Inherited IRA

My client received an inherited IRA from his Aunt. The IRA is in Aunt’s name with him as beneficiary. She passed away in 11/2003 at the age of 66. My client is currently age 67. He was told at her death that he didn’t have to take a distribution or didn’t have to take a distribution within 5 years of her death. I think he was given incorrect information. Please clarify



Back in 2003, a non spouse beneficiary had to either take the money immediately in a lump sum, or over a 5 year period.

In 2006 the law changed, allowing a non spouse beneficiary to stretch payments over their life expectancy, with distributions being taken immediately, or by 12/31 of the year following the death of the original IRA owner.

In order to take advantage of this “stretch”, the IRA account had to be re-titled, e.g. “John Jones deceased, inherited IRA for the benefit of Jim Jones”.

You better check with the IRS, because someone didn’t do what they were supposed to back in 2003. Whether you can now retroactivaly take advantage of the 2006 Congress ruling, is something I wouldn’t venture a guess on.



The final regualations on retirement plan distributions became final as of January 1, 2003. Previous to those regulations, the default method of taking a retirement distribution was the five-year rule. That means the account was supposed to be emptied by December 31 of the year that contains the five year anniversary of the IRA owners death. In this case, that would have been 12/31/2008 using the five-year rule.

As of 1/1/2003 – life expectancy became the default; required minimum distributions were to be withdrawn based on the life expectancy of the beneficiary – starting with their age in the year after the death. If the person was 62 in 2004, the life expectancy was 23.5 and the 12/31/2003 balance of the IRA would be divided by 23.5 for the 2004 distribution. However, each IRA could adopt its own rule. Some of them stuck with the five-year rule instead of shifting to life expectancy.

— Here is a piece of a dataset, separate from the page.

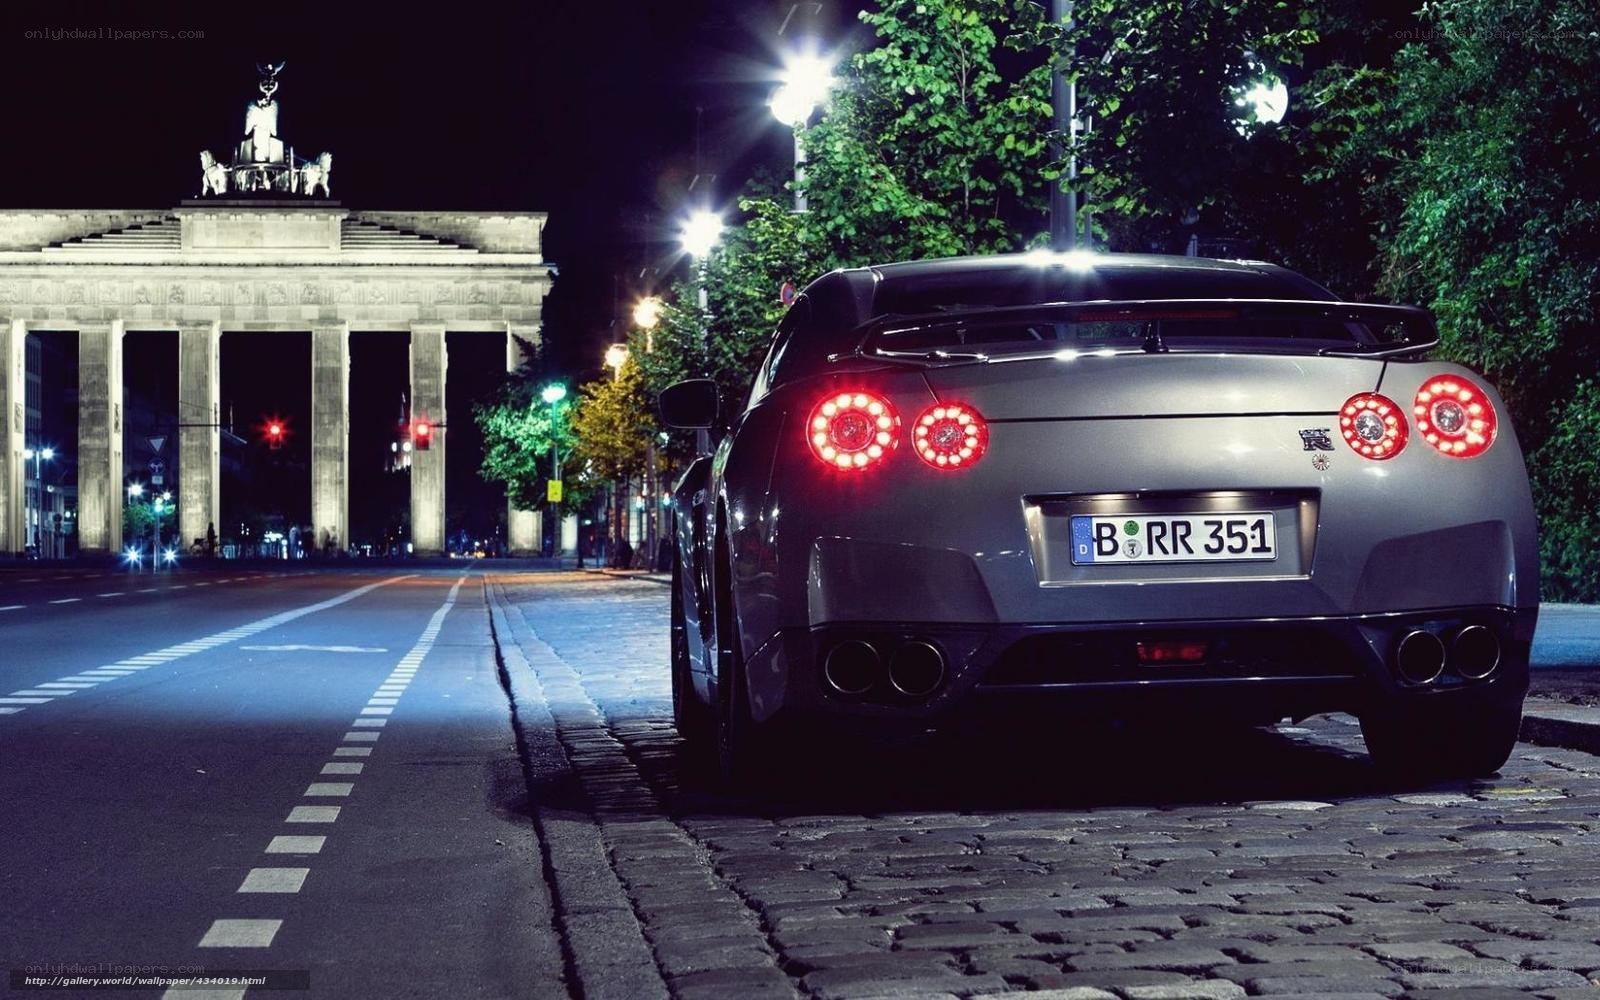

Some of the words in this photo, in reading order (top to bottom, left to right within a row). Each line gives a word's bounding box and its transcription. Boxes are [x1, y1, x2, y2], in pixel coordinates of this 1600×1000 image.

In any case, the IRA should have been totally withdrawn by 12/31/08. Because that didn’t happen, he is potentially liable for a 50% penalty on the 12/31/2008 balance plus a 50% penalty on the 12/31/09 balance. I think he should withdraw the entire balance and request that the IRS waive the penalties.

The advice that he received isn’t totally wrong. He could avoid withdrawals for five years as long as he removed everything by 12/31/2008.